(Image-backed grounding data)
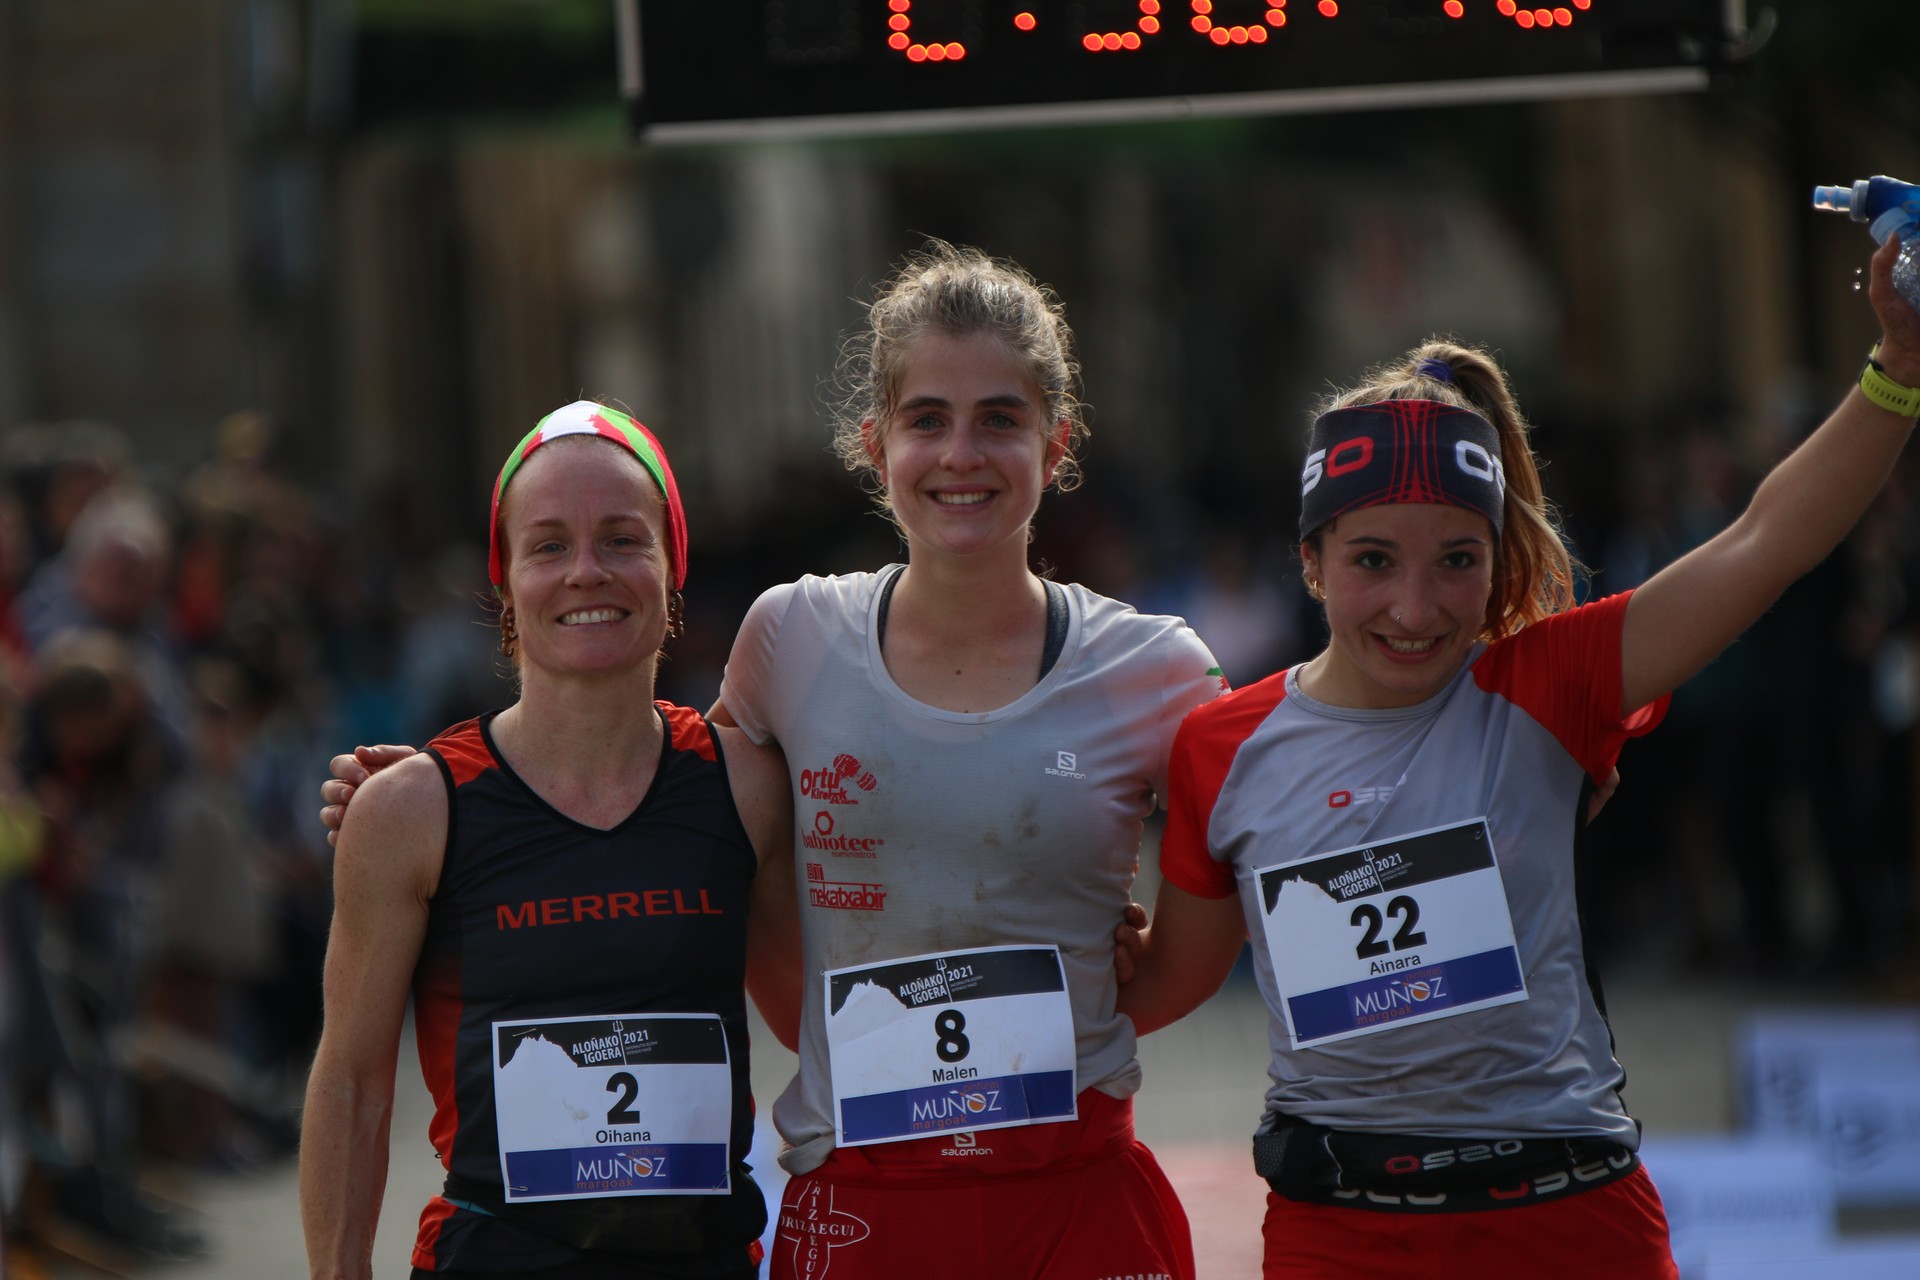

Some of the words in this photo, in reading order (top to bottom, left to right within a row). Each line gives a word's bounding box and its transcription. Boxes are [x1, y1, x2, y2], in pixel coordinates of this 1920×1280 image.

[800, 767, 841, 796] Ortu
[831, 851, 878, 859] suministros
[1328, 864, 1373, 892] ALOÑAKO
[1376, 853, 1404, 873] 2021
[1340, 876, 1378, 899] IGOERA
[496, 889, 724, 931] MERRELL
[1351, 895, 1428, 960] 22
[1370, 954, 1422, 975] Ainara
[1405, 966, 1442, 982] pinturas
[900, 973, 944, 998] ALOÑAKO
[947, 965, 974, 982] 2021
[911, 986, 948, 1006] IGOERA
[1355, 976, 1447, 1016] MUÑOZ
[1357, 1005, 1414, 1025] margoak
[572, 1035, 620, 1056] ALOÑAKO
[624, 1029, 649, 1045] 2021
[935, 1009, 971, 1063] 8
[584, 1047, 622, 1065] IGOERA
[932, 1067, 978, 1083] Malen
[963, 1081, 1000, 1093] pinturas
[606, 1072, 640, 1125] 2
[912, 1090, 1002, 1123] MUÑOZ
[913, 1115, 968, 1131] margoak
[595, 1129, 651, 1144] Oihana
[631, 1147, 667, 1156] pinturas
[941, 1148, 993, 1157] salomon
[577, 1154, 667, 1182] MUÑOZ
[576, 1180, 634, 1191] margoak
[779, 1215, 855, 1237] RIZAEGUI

● **Task to carry out**: Verbatim output of every entry above is required, though pictures are to be left out.

● **Completed exercise**:
Some of the words in this photo, in reading order (top to bottom, left to right within a row). Each line gives a word's bounding box and its transcription. Boxes are [x1, y1, x2, y2], in pixel coordinates of this 1920×1280 image.

[800, 767, 841, 796] Ortu
[831, 851, 878, 859] suministros
[1328, 864, 1373, 892] ALOÑAKO
[1376, 853, 1404, 873] 2021
[1340, 876, 1378, 899] IGOERA
[496, 889, 724, 931] MERRELL
[1351, 895, 1428, 960] 22
[1370, 954, 1422, 975] Ainara
[1405, 966, 1442, 982] pinturas
[900, 973, 944, 998] ALOÑAKO
[947, 965, 974, 982] 2021
[911, 986, 948, 1006] IGOERA
[1355, 976, 1447, 1016] MUÑOZ
[1357, 1005, 1414, 1025] margoak
[572, 1035, 620, 1056] ALOÑAKO
[624, 1029, 649, 1045] 2021
[935, 1009, 971, 1063] 8
[584, 1047, 622, 1065] IGOERA
[932, 1067, 978, 1083] Malen
[963, 1081, 1000, 1093] pinturas
[606, 1072, 640, 1125] 2
[912, 1090, 1002, 1123] MUÑOZ
[913, 1115, 968, 1131] margoak
[595, 1129, 651, 1144] Oihana
[631, 1147, 667, 1156] pinturas
[941, 1148, 993, 1157] salomon
[577, 1154, 667, 1182] MUÑOZ
[576, 1180, 634, 1191] margoak
[779, 1215, 855, 1237] RIZAEGUI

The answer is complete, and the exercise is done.